2. Basing your prices on “the marketplace.” The marketplace is often cited as the “wisdom of the crowd”—i.e., the collective judgment of a product’s value. But by resorting to marketplace pricing, companies accept the commoditization of their product or service. Instead, management teams must find ways to differentiate their products or services so as to create additional value for specific market segments.
3. Attempting to achieve the same profit margin across different product lines. Some financial strategies support a drive for uniformity, and companies try to achieve identical profit margins for disparate product lines. The iron law of pricing is that different customers assign different values to identical products. For any single product, profit is optimized when the price reflects the customer’s willingness to pay.
4. Failing to segment your customers. Customer segments are differentiated by the customers’ different requirements for your product. The value proposition for any product or service varies in different market segments, and price strategy must reflect that difference. Your price strategy should include options that tailor your product, packaging, delivery options, marketing message and your pricing structure to particular customer segments in order to capture the additional value created for these segments.
5. Holding prices at the same level for too long, and ignoring changes in costs, competitive environment and customer preferences. Most companies fear the uproar of a price change and put it off as long as possible. Savvy companies accustom their customers and their sales forces to frequent price changes. The process of keeping customers informed of price changes can, in reality, be a component of good customer service.
6. Changing prices without forecasting competitors’ reactions. Any change in your prices will trigger a reaction by your competitors. Smart companies know enough about their competitors to predict their reactions, and get ready for them. This avoids costly price wars that can destroy an entire industry’s profitability.
7. Incentivizing your salespeople on revenue generated, rather than on profits. Volume-based sales incentives create a drain on profits when salespeople are compensated to push volume at the lowest possible price. This mistake is especially costly when salespeople have the authority to negotiate discounts. Companies should define their sales staff’s job as maximizing profitability and then work to incentivize that profitability.
8. Using insufficient resources to manage your pricing practices. Cost, sales volume and price are the three basic variables that drive profit. Most management teams are comfortable working on cost reduction initiatives, and they have some level of confidence in growing their sales volume. Many companies, however, only utilize simplistic price procedures.

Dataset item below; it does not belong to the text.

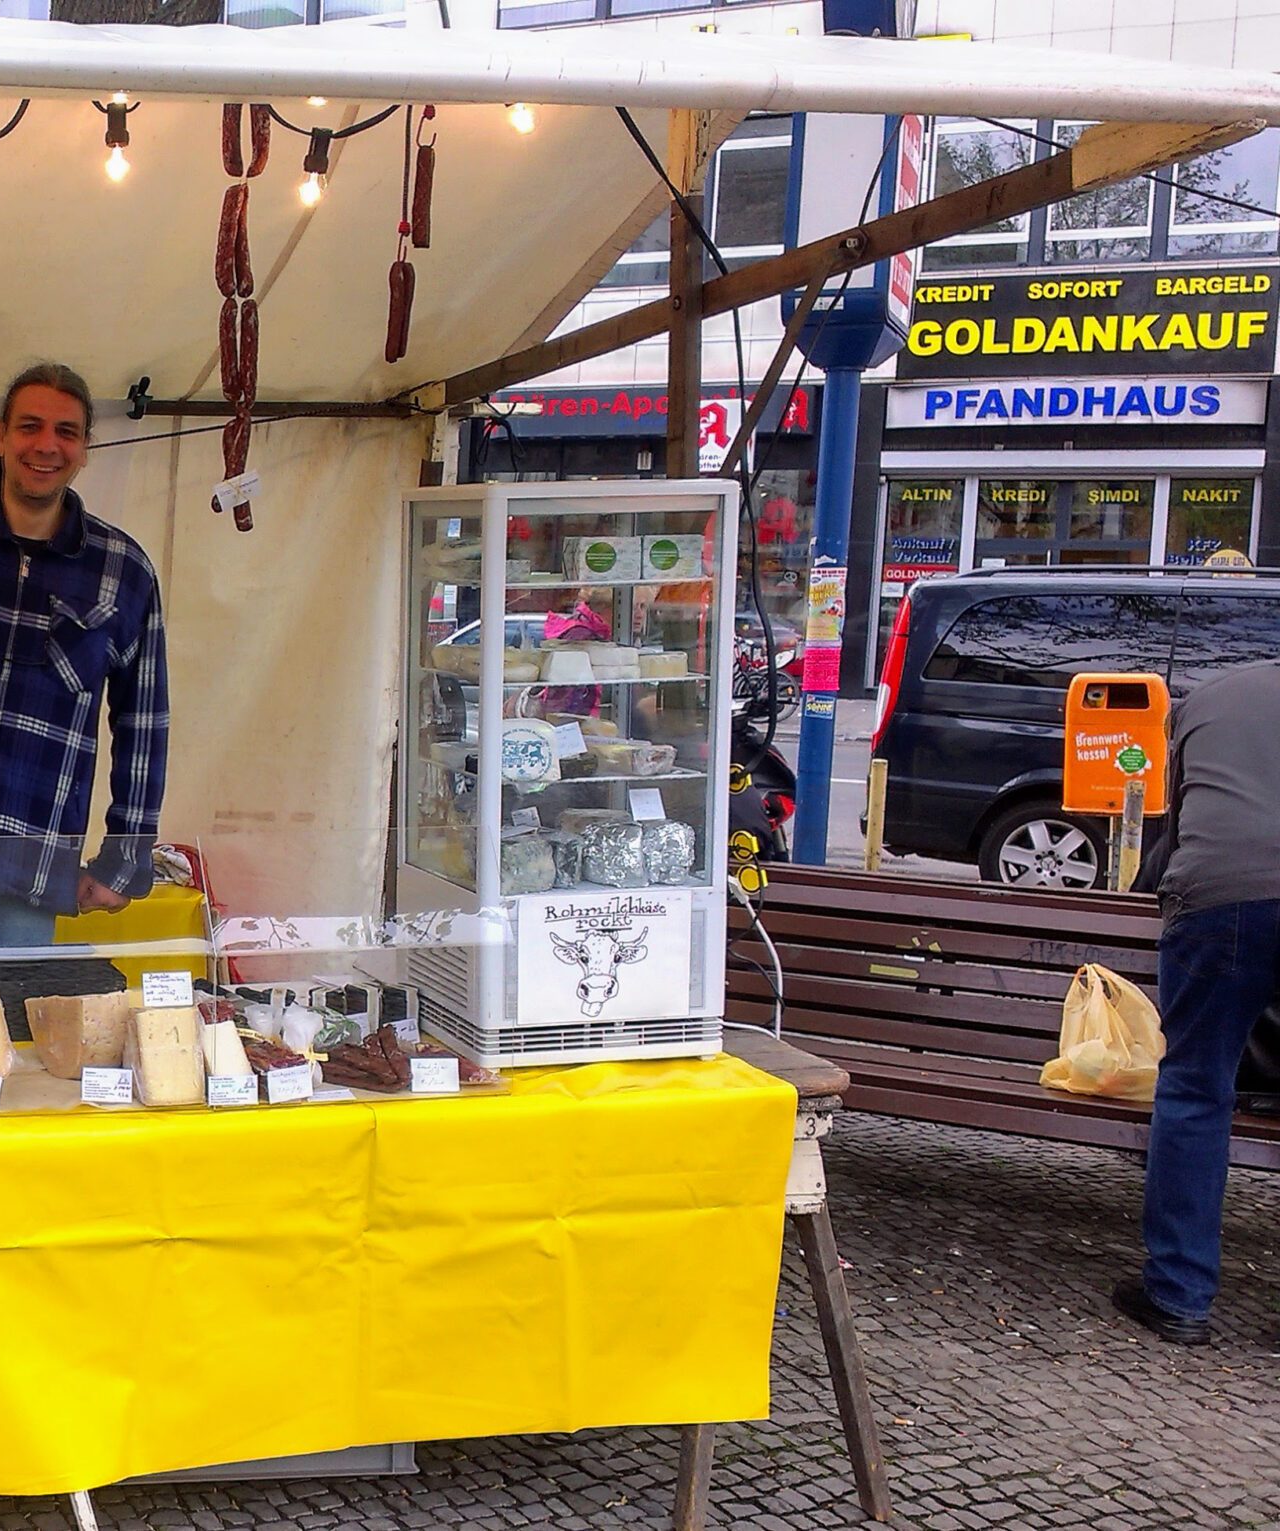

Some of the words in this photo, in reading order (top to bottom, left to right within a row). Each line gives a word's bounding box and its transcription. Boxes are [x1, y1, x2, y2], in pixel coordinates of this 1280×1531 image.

9. Failing to establish internal procedures to optimize prices. In some companies, a hastily-scheduled “price meeting”—a last-minute discussion to set the final price for a new product or service—can become a regular occurrence. The attendees are unprepared and research is limited to a few anecdotes about a competitor’s price list and a financial officer’s careful calculation of the product’s cost structure across a variety of assumptions.
10. Spending a disproportionate amount of time serving your least profitable customers. Know your customers: 80% of a company’s profits generally come from 20% of its customers. Failure to identify and focus on these 20% will leave companies undefended against wily competitors. Such failure also deprives the company of the loyalty that more attention and better service would provide.
This content is excerpted from the Natural Products Field Manual, Sixth Edition, The Sales Manager’s Handbook, written by Bob Burke and Rich McKelvey. To learn more about or purchase the Natural Products Field Manual, visit the Natural Products Consulting Institute website.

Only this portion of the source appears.